Perspectivas históricas
Ignacio
Martínez de Pisón (Zaragoza, 1960), en un radical cambio de
dirección, y alentado posiblemente por la reconstrucción que hizo,
en Enterrar a los muertos, de la amistad de José Robles con el
novelista norteamericano John Dos Passos y de su asesinato del
primero en plena guerra civil, publica una de las mejores novelas
del año, Dientes de leche (Seix Barral). El prólogo resume, a
través de la imagen del niño Juan Cameroni y de su abuelo haciendo
el saludo fascista, las vicisitudes de la familia desde que
Raffaele Cameroni se establece en Zaragoza acabada la guerra,
convertido en un héroe, hasta el frustrado golpe de Estado de 1981
y la llegada de los socialistas al poder. El espacio central está
ocupado por la Falange, el fascismo —que, «a diferencia del
falangismo, no era un instrumento para hacer política, sino una
forma de vivir y entender la vida»— y la complicidad del
clero. El prólogo oculta la razón por la que Juan, a los catorce
años, acompaña a su abuelo pero se niega a levantar el brazo. Es
decir, se añade un ingrediente misterioso que pondrá de relieve el
drama de una familia enfrentada ideológicamente. A la historia
colectiva se añade la personal y la dimensión sentimental triunfa
sobre la política, la narración sobre la crónica.
Dos
anomalías
Capítulo
aparte merecen dos novelas de autores jóvenes pero con una sólida
trayectoria. Francisco Casavella (Barcelona 1963-2008) ha sido
considerado como el heredero directo de Juan Marsé, deuda que él
mismo ha reconocido. Tienen en común su interés por la figura del
antihéroe y por los barrios marginados de Barcelona, pero en
Casavella hay una extravagancia y una extrañeza desgarradoras que
han convertido obras como Un enano en Las Vegas o la extensa
trilogía El dia del Watusi en inevitable punto de referencia como
el creador de una nueva dirección de la tradición realista más
descarnada. Lo que sé de los vampiros, ganadora del Premio Nadal
2008, fue una verdadera sorpresa, una dirección insólita que nos
aleja de su mundo habitual. Se trata de una parodia del Siglo de
las Luces que viene a serlo también de nuestro propio siglo, en un
esfuerzo por fusionar historia y ficción como antes, con mucho más
acierto, había fusionado crónica y ficción.
También
en Ray Loriga (Madrid, 1967), en Ya sólo habla de amor (Alfaguara),
se advierte un cambio radical con respecto a sus primeras novelas
cercanas al realismo sucio norteamericano que lo convirtieron en
uno de los mejores representantes de la nueva novela de la década
de los noventa. Por más que nos movemos de nuevo en el vacío y en
la incapacidad de vivir plenamente la realidad, aquí todo
(ambientación en una embajada suiza, personajes, diálogos, el
espejo de la Alicia de Lewis Carroll) se mueve en un plano de
irrealidad que poco tiene que ver con el mejor Loriga. Incluso la
atractiva prosa y la capacidad de convertir en cinematográfico lo
que es pura narración están al servicio de un tipo de relato más
distante y cerebral.
La
novela apocalíptica
Nembrot,
de José María Pérez Álvarez (O Barco de Valdeorras, Ourense, 1952)

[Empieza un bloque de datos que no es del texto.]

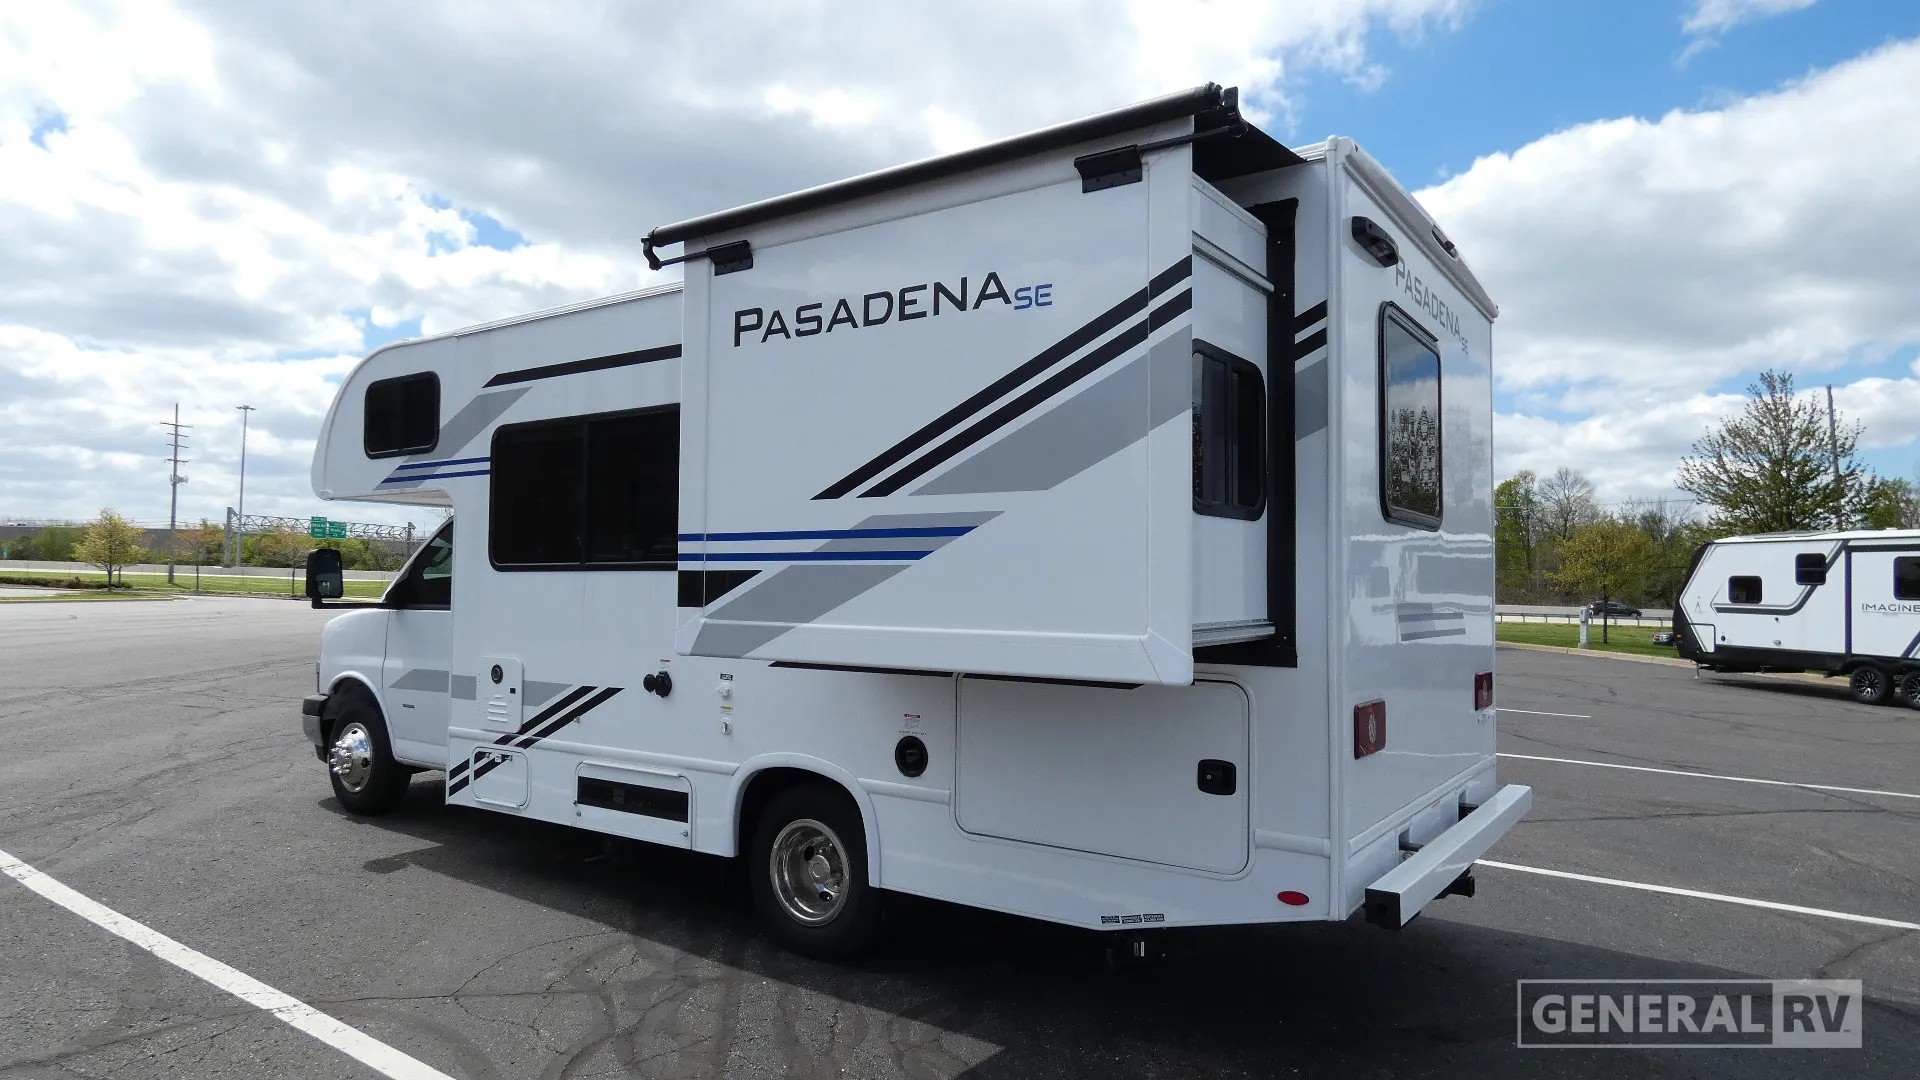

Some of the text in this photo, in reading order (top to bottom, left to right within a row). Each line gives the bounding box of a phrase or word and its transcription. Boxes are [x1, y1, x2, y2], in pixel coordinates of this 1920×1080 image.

[734, 271, 1053, 347] PASADENA SE
[1395, 255, 1461, 341] PASADENA
[1861, 603, 1920, 612] IMAGINE

representó una de las novelas más nuevas y originales de 2003 y
marcó una de las líneas más definidas de lo que podría llamarse la
nueva novela. Línea que se reafirma ahora en La soledad de las
vocales (Bruguera), dominada por la soledad, el vacío, la extrañeza
y una visión apocalíptica que le acerca a las últimas novelas de
Juan Goytisolo. Asistimos asimismo a la novela como proceso, es
decir, al camino de incertidumbres sobre el que se construye o se
escribe la realidad, para concluir que «la literatura nunca trata
de nada, es un vacío, así que pienso que la literatura es como la
vida». La misma visión desolada, aquí a través del humor y la
ridiculización, la tenemos en España (DVD) de Manuel Vilas
(Barbastro, 1962). La novela tiene mucho de crónica de una España
heredera de la crisis del 98 pese a que «el noventayochismo era
anacronía, inquisición, superstición, literatura antigua» y a que
«nuestras preocupaciones históricas son reaccionarias». Hay, pues,
necesidad de liberarse de pensamientos ajenos y tradicionales
convertidos en lugares comunes por la crítica académica. Pero es
también una novela sobre el mal, la impunidad del crimen o las
grandes escombreras postindustiales. Se trata, pues, de la crónica
de una época, la propuesta de una nueva literatura, una burla de la
cultura oficial y una visión eminentemente apocalíptica del nuevo
siglo.
Nocilla
Dream, de Agustín Fernández Mallo (A Coruña, 1967), sirvió para
definir las aspiraciones de todo un grupo de escritores interesados
en codificar y hasta dogmatizar una serie de principios estéticos.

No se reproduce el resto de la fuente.